The biggest accounts I’ve managed don’t “do everything.” They pick the few conversion actions that truly represent business value, then build a measurement and bidding system that can scale those actions without guessing.
Fix measurement first: conversions, values, and privacy-ready tracking
If conversion tracking is incomplete, Google Ads automation will still spend, but it will learn the wrong lessons. Your first priority is to set up conversions for where your business actually closes value: website actions (purchases, lead submissions), phone calls, in-app actions (if relevant), and offline outcomes (qualified leads, booked appointments, closed deals).
For lead gen businesses especially, “a form fill” is often a weak proxy for revenue. You’ll usually maximize ROI faster by passing richer data back into Google Ads—either by importing offline conversions (like qualified/closed leads) or by upgrading to enhanced conversions for leads where applicable—so Smart Bidding can optimize toward what your sales team actually wants.
Modern measurement also needs to be durable in a privacy-first environment. Enhanced conversions for web can improve conversion measurement quality by securely hashing first-party customer data (like email/phone captured at conversion) and using it to improve matching. Practically, that often means better attribution and better bidding decisions—especially as browsers and consent choices reduce traditional cookie reliability. Plan for a “measurement maturation period”: you typically want a few weeks of stable data before you judge performance shifts.
Use conversion goals intentionally (primary vs. secondary, and campaign-specific goals)

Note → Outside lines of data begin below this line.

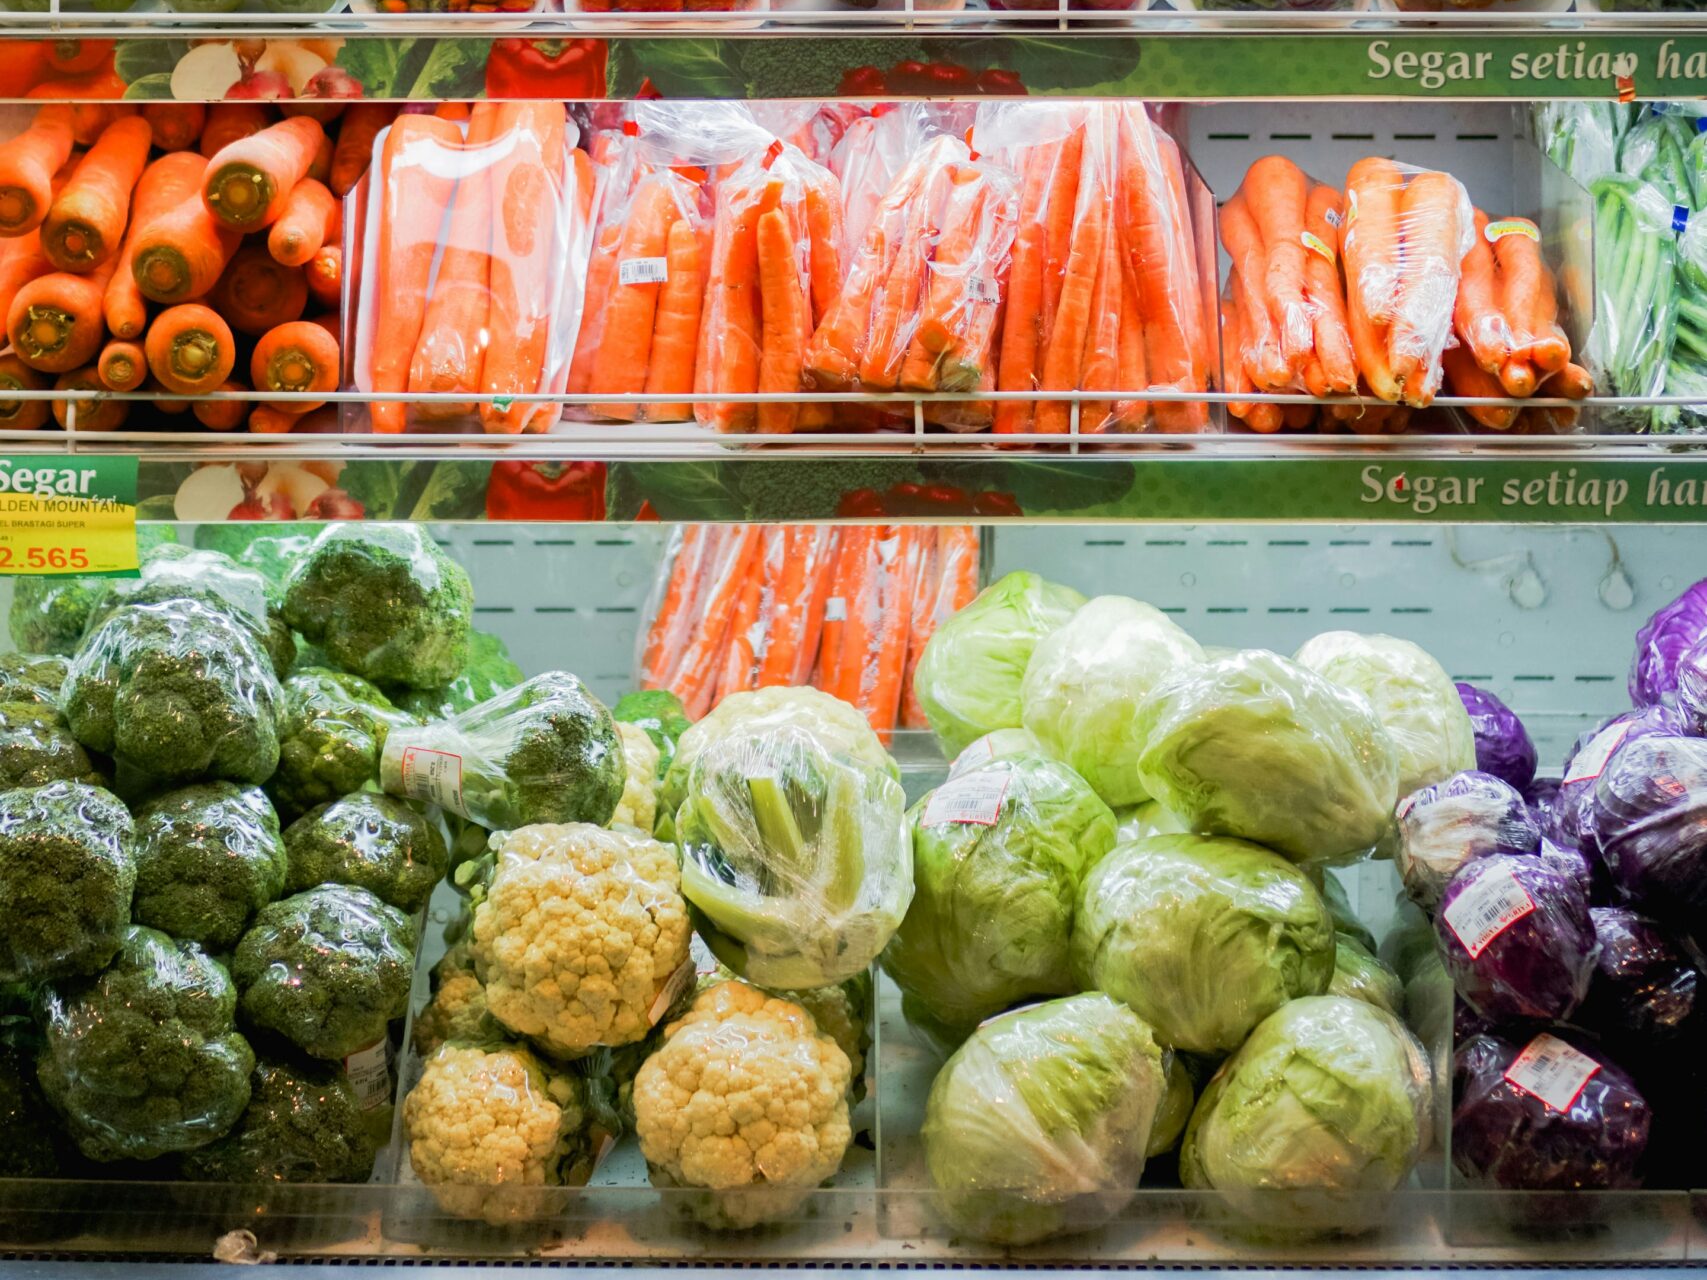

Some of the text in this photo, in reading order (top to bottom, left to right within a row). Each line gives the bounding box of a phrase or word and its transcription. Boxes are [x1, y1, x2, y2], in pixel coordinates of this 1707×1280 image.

[1367, 40, 1493, 90] Segar
[44, 500, 126, 513] MOUNTAIN
[1360, 465, 1485, 515] Segar
[1502, 467, 1630, 517] setiap
[57, 520, 85, 529] SUPER

One of the most common “why did performance tank?” stories is a well-meaning change to conversion goals. In Google Ads, you can group conversion actions into meaningful goal categories (for example, Purchase or Contact) and designate which actions are primary (used for bidding and shown in the main Conversions column) versus secondary (kept for observation).
Then decide whether each campaign should use the account-default goals or campaign-specific conversion goals. This is how you prevent cross-contamination. For example, your brand Search campaign might optimize to “Purchase,” while your YouTube/Demand Gen campaign might optimize to a higher-funnel action or a different lead type. The key is consistency: if you change goals frequently, Smart Bidding has to relearn, and you’ll feel that as volatility.
2) Maximize Search performance (where intent turns into revenue)
Build keyword coverage the way Google matches queries today
Search is still the highest-intent channel for most businesses, but it’s no longer about building massive keyword lists. It’s about creating clean intent clusters and letting your bidding and creative adapt to query nuances.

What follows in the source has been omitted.